What distinguishes They Were Expendable from many wartime propaganda films is its startling authenticity. The production was steeped in real naval experience. Ford himself, a captain in the US Navy Reserve, had famously filmed the Battle of Midway for his Oscar-winning documentary. The script was written by Frank “Spig” Wead, Ford’s friend and a pioneering naval aviator, who died two years after the film’s release and whose own life Ford would later chronicle in The Wings of Eagles (1957), again starring John Wayne. The film was made with the full co-operation of the US Navy, which provided equipment including several genuine Higgins PT boats. The Florida locations near Pensacola stood in convincingly for the Philippines, and the sense of place—sweltering heat, narrow harbours, the omnipresent threat of air attack—is conveyed with documentary precision.
Although originally conceived as a wartime morale booster, They Were Expendable is far more honest and realistic than one might expect. It shows the American side in a position of inferiority, suffering defeat after defeat, despite the heroism and occasional minor success of its protagonists. As the film progresses, things only get worse. Of all the main characters, only two manage to fly to safety; the rest are dead, captured, or left to an uncertain fate—including even Reed’s character, whose last scene is a poignant good-bye to Ryan, with no guarantee she will survive the fall of the islands.
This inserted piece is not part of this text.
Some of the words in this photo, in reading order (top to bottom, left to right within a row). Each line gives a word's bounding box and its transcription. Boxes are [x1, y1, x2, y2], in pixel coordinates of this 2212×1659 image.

The use of authentic PT boats helps Ford reconstruct naval action in a convincingly gritty manner, with minimal special effects. The combat sequences have a sense of cramped, chaotic urgency that larger-budget films often miss. That said, some of the action scenes rely on a slightly repetitive use of stock shots and an overabundance of pyrotechnics. It is also worth noting that post-war analysis of Japanese archives revealed that many of Bulkeley’s claims about the damage his squadron inflicted were exaggerated. Ford’s film, however, takes the claims at face value, which is a minor historical compromise.
Nevertheless, the film holds together quite solidly. It starts slowly, and viewers accustomed to modern pacing may find the opening hour a little languorous. The running time of just over two hours feels long, and the music by Herbert Stothart is unremarkable, leaning heavily on familiar patriotic tunes rather than a distinctive original score.
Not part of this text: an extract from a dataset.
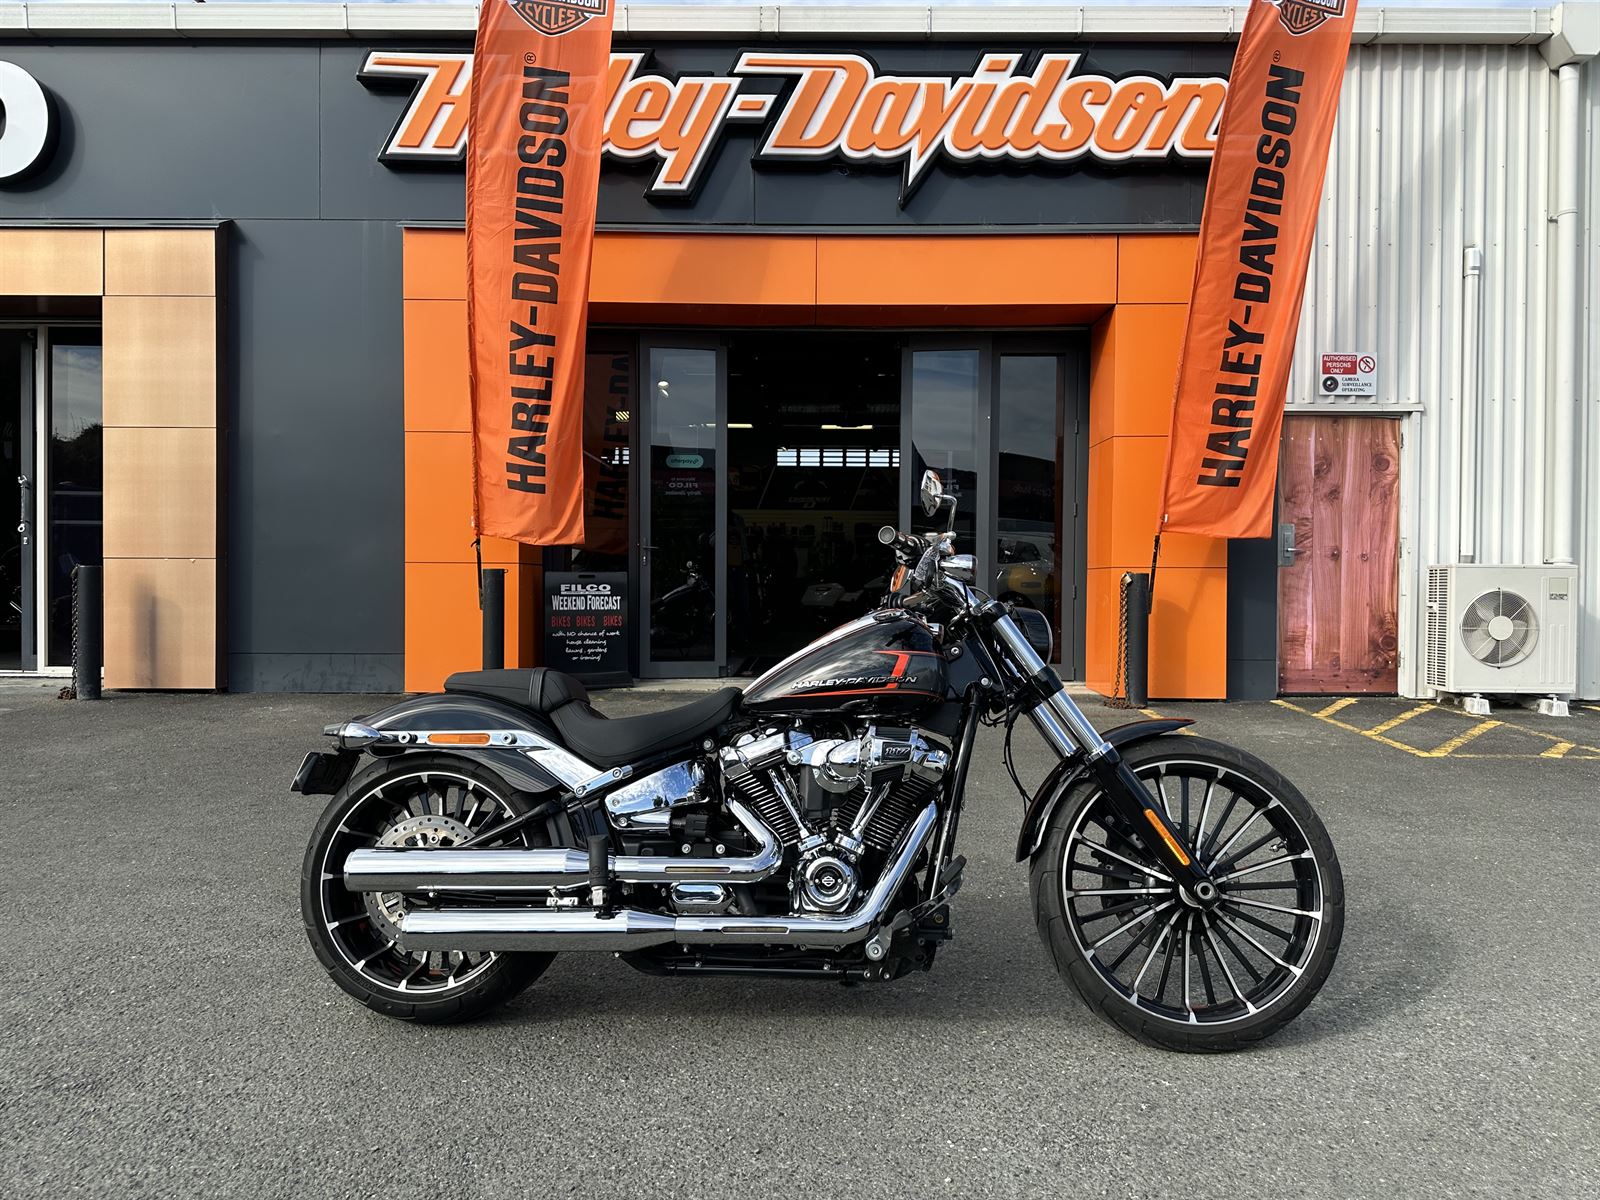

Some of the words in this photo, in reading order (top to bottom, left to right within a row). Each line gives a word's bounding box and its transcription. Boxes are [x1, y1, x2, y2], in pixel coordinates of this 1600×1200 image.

But the performances are uniformly strong. Montgomery brings a quiet authority to Brickley, while Wayne, often subjected to Ford’s notoriously abusive treatment on set—the director considered Wayne a coward for not enlisting in the war—delivers a surprisingly nuanced portrayal of a man forced to confront his own impotence. Montgomery, by contrast, received favourable treatment from Ford and even stepped in to direct some scenes when the director suffered a minor injury; this experience helped Montgomery launch his own directing career with Lady in the Lake two years later.
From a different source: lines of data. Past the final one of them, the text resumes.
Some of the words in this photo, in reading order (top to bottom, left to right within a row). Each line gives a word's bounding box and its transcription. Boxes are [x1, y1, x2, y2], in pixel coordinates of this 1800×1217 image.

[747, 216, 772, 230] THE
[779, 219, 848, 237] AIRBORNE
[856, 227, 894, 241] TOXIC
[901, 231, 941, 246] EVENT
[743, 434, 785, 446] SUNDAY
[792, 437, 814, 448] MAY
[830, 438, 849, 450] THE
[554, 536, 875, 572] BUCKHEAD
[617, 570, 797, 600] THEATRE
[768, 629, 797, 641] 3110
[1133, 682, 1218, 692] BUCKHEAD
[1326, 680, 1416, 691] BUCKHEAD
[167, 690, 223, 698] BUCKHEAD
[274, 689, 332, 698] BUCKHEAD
They Were Expendable had the misfortune of being completed shortly after the war ended. Contemporary critics praised it, but the public was more focused on peace and wanted to forget the war—especially its most traumatic episodes of military defeat. The film was a box-office failure and has since slipped into relative obscurity, known mainly to Ford completists and students of war cinema. That obscurity is undeserved. It remains one of the most unflinching Hollywood portrayals of defeat, and a powerful reminder that, for all the cinematic mythology of American invincibility, the road to victory often began with a long, bitter retreat.